Oleh: Sirajuddin*
Saat ini, sebanyak 87,2% penduduk Indonesia beragama Islam. Jumlah tersebut membuat
Indonesia menjadi negara dengan populasi umat Muslim terbesar di dunia. Besarnya jumlah
tersebut tentu tidak dapat dilepaskan dari peran muballigh-muballighat yang tiada henti
menyebarkan pesan-pesan kedamaian Islam ke berbagai kalangan di seluruh pelosok negeri.
Di antara muballighat yang sampai saat ini terus giat mendakwahkan Islam di suku-suku
pedalaman adalah Sri Moxsa Djalamang dan Fatmawati.

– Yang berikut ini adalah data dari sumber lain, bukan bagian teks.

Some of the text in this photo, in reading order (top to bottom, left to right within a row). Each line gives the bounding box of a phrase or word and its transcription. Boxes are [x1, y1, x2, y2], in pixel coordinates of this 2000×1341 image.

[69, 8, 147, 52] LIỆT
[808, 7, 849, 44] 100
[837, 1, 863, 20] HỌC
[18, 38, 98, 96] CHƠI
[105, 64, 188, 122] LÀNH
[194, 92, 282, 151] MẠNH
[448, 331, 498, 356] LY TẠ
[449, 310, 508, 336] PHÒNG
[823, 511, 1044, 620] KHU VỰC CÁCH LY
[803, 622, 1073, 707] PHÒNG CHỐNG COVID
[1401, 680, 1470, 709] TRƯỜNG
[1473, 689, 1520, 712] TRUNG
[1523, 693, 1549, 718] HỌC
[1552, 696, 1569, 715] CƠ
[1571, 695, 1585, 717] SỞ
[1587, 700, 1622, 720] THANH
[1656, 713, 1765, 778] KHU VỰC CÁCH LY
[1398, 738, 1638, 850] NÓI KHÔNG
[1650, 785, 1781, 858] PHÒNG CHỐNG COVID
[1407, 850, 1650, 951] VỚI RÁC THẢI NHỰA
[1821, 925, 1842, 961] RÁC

Sosok Sri Moxsa Atau Kele Inang
Sri Moxsa atau yang dikenal Kele Inang, saat ini tengah intens melakukan pembinaan mualaf di Suku Kahumamahon, yaitu salah satu suku pedalaman di Kota Luwuk, Banggai, Sulawesi Tengah. Masyarakat
Suku Kahumamahon, awalnya hidup nomaden, sampai pada tahun 2013, Dinas Sosial membuatkan pemukiman bagi mereka. Akibat lama hidup secara nomaden, mereka malu ketika bertemu dengan orang lain.

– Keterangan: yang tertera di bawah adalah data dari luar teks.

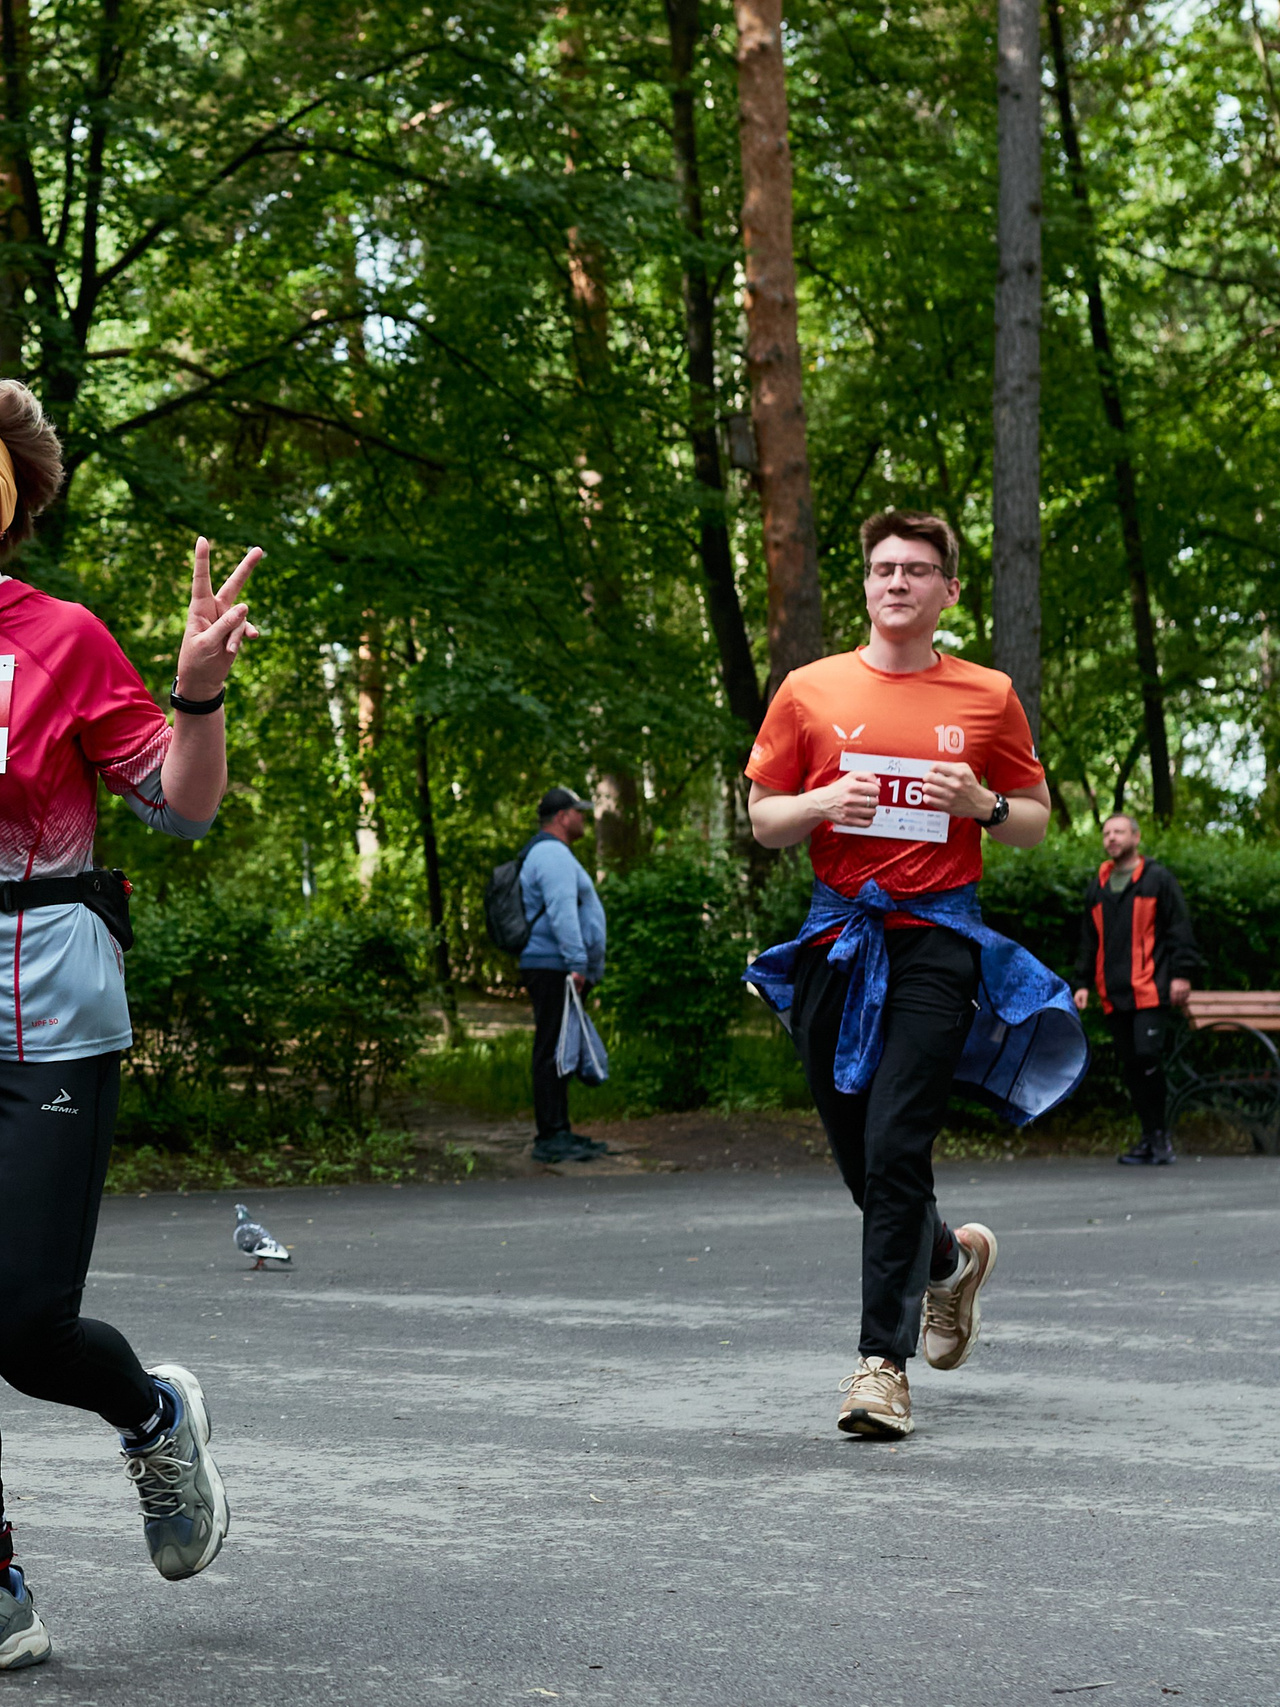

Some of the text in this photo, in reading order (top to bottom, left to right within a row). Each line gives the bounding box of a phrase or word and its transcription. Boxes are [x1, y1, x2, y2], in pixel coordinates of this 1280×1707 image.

Pada tahun yang sama, terdapat organisasi keagamaan yang mengenalkan ajaran Islam pada mereka. Sebelumnya, masyarakat Suku Kahumamahon menganut aliran kepercayaan animisme. Mereka meyakini alam, pohon, dan sebagainya sebagai sebuah kekuatan dan pokok kepercayaan. Mengingat persoalan yang begitu kompleks, pada tahun 2017, Sri Moxsa (yang merupakan representasi muballighat ‘Aisyiyah) turut terlibat dan bahu membahu melakukan pembinaan kepada mereka yang sebelumnya telah mualaf. Kali pertama terlibat dalam proses pembinaan, terhitung lima belas kepala keluarga yang mualaf. Angka tersebut terus bertambah. Sekarang, dari total tiga puluh kepala keluarga, dua puluh lima telah beragama Islam, empat Nasrani, dan sisanya masih memeluk kepercayaan lama.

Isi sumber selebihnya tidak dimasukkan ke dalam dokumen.